Corrección de las ttcc solicitadas por Astrid Casen 2006-2020 r1a_cod

La idea es dejar fuera toda la subjetividad y solo aplicar un método objetivo. Se intenta no considerar categorías espúreas.

VE-CC-AJ

DataIntelligence
date: 23-09-2021

1 Introducción

El procedimiento de generación de tablas de contingencia trae problemas si se consideran varias tablas referidas por ejemplo a varios años, cuyas categorías de divergen.

Se intenta extraer todo tipo de subjetividad.

1.1 Aca se extraen solo las categorias unicas de cada año:

r1a_cod. ¿Cuál es esa otra nacionalidad? (código país)

Ésta pregunta sólo se comenzó a aplicar en la Casen del 2011 y hasta la versión 2017

casen_2006 <<- readRDS("C:/Users/enamo/Desktop/Shiny-R/Casen_en_pandemia_2020/casen/casen_2006_c.rds")
casen_2006 <- mutate_if(casen_2006, is.factor, as.character)
casen_2009 <<- readRDS("C:/Users/enamo/Desktop/Shiny-R/Casen_en_pandemia_2020/casen/casen_2009_c.rds")
casen_2009 <- mutate_if(casen_2009, is.factor, as.character)
casen_2011 <<- readRDS("C:/Users/enamo/Desktop/Shiny-R/Casen_en_pandemia_2020/casen/casen_2011_c.rds")
casen_2011 <- mutate_if(casen_2011, is.factor, as.character)
casen_2013 <<- readRDS("C:/Users/enamo/Desktop/Shiny-R/Casen_en_pandemia_2020/casen/casen_2013_c.rds")
casen_2013 <- mutate_if(casen_2013, is.factor, as.character)
casen_2015 <<- readRDS("C:/Users/enamo/Desktop/Shiny-R/Casen_en_pandemia_2020/casen/casen_2015_c.rds")
casen_2015 <- mutate_if(casen_2015, is.factor, as.character)
casen_2017 <<- readRDS("C:/Users/enamo/Desktop/Shiny-R/Casen_en_pandemia_2020/casen/casen_2017_c.rds")
casen_2017 <- mutate_if(casen_2017, is.factor, as.character)
casen_2020 <<- readRDS("C:/Users/enamo/Desktop/Shiny-R/Casen_en_pandemia_2020/casen/casen_2020.rds")
casen_2020 <- mutate_if(casen_2020, is.factor, as.character)

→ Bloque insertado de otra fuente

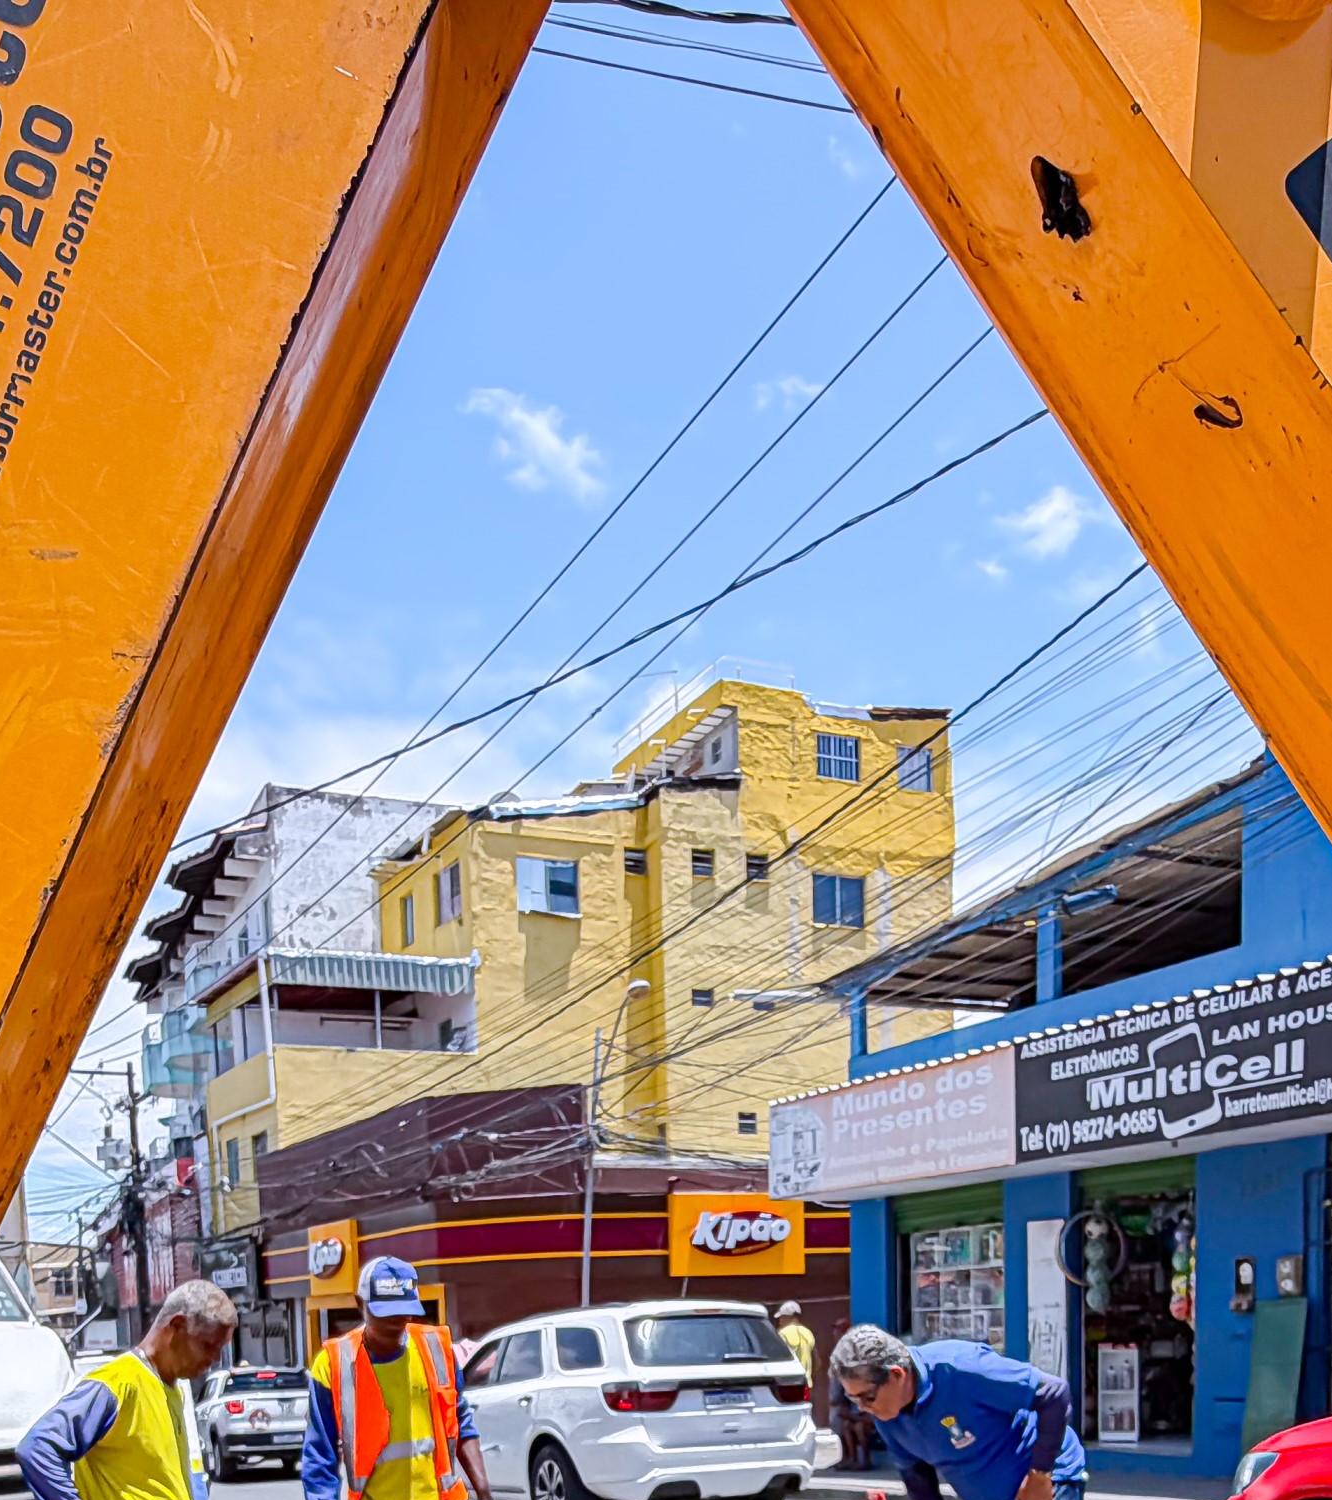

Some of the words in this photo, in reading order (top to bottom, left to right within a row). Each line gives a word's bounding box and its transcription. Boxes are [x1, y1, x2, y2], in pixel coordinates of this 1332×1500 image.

cod_com <- readRDS("C:/Users/enamo/Desktop/Shiny-R/Casen_en_pandemia_2020/codigos_comunales_2006-2020.rds") 
names(cod_com)[2] <- "comuna"

Homologación de alfabetismo

casen_2006$E1[casen_2006$E1 == "No sabe /Sin dato"] <- NA

casen_2011$e1[casen_2011$e1 == "Sí, lee y escribe"] <- "Sí"
casen_2011$e1[casen_2011$e1 == "No, sólo lee"] <- "No"
casen_2011$e1[casen_2011$e1 == "No, ninguno"] <- "No"
casen_2011$e1[casen_2011$e1 == "No, sólo escribe"] <- "No"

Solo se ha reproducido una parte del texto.